### REQUIREMENT:
All records are to be restated exactly, each line as it reads.

### INPUT DATA:
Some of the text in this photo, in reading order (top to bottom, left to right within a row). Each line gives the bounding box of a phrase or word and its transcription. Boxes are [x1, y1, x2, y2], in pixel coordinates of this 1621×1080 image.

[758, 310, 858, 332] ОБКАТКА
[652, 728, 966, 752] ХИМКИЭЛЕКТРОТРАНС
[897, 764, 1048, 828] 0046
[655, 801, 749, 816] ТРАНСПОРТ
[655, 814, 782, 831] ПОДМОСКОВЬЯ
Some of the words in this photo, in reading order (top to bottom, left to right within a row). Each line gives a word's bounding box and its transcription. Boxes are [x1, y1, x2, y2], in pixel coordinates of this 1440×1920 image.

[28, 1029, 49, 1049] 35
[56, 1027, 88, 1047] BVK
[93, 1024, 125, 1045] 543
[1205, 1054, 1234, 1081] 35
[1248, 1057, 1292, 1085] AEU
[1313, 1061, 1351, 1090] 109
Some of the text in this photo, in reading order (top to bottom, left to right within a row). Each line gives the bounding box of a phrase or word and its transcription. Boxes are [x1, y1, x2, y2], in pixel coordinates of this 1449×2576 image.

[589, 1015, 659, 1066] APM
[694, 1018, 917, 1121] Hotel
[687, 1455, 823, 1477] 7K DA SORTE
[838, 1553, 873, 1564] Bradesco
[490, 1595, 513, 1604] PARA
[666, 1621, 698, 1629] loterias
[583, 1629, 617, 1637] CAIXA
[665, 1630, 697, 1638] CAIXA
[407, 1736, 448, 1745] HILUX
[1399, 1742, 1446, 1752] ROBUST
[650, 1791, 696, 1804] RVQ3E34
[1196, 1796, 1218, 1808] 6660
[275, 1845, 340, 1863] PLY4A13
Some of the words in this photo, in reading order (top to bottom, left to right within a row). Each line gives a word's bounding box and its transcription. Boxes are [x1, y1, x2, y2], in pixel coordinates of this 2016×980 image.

### EXERCISE RESPONSE:
Some of the text in this photo, in reading order (top to bottom, left to right within a row). Each line gives the bounding box of a phrase or word and its transcription. Boxes are [x1, y1, x2, y2], in pixel coordinates of this 1621×1080 image.

[758, 310, 858, 332] ОБКАТКА
[652, 728, 966, 752] ХИМКИЭЛЕКТРОТРАНС
[897, 764, 1048, 828] 0046
[655, 801, 749, 816] ТРАНСПОРТ
[655, 814, 782, 831] ПОДМОСКОВЬЯ
Some of the words in this photo, in reading order (top to bottom, left to right within a row). Each line gives a word's bounding box and its transcription. Boxes are [x1, y1, x2, y2], in pixel coordinates of this 1440×1920 image.

[28, 1029, 49, 1049] 35
[56, 1027, 88, 1047] BVK
[93, 1024, 125, 1045] 543
[1205, 1054, 1234, 1081] 35
[1248, 1057, 1292, 1085] AEU
[1313, 1061, 1351, 1090] 109
Some of the text in this photo, in reading order (top to bottom, left to right within a row). Each line gives the bounding box of a phrase or word and its transcription. Boxes are [x1, y1, x2, y2], in pixel coordinates of this 1449×2576 image.

[589, 1015, 659, 1066] APM
[694, 1018, 917, 1121] Hotel
[687, 1455, 823, 1477] 7K DA SORTE
[838, 1553, 873, 1564] Bradesco
[490, 1595, 513, 1604] PARA
[666, 1621, 698, 1629] loterias
[583, 1629, 617, 1637] CAIXA
[665, 1630, 697, 1638] CAIXA
[407, 1736, 448, 1745] HILUX
[1399, 1742, 1446, 1752] ROBUST
[650, 1791, 696, 1804] RVQ3E34
[1196, 1796, 1218, 1808] 6660
[275, 1845, 340, 1863] PLY4A13
Some of the words in this photo, in reading order (top to bottom, left to right within a row). Each line gives a word's bounding box and its transcription. Boxes are [x1, y1, x2, y2], in pixel coordinates of this 2016×980 image.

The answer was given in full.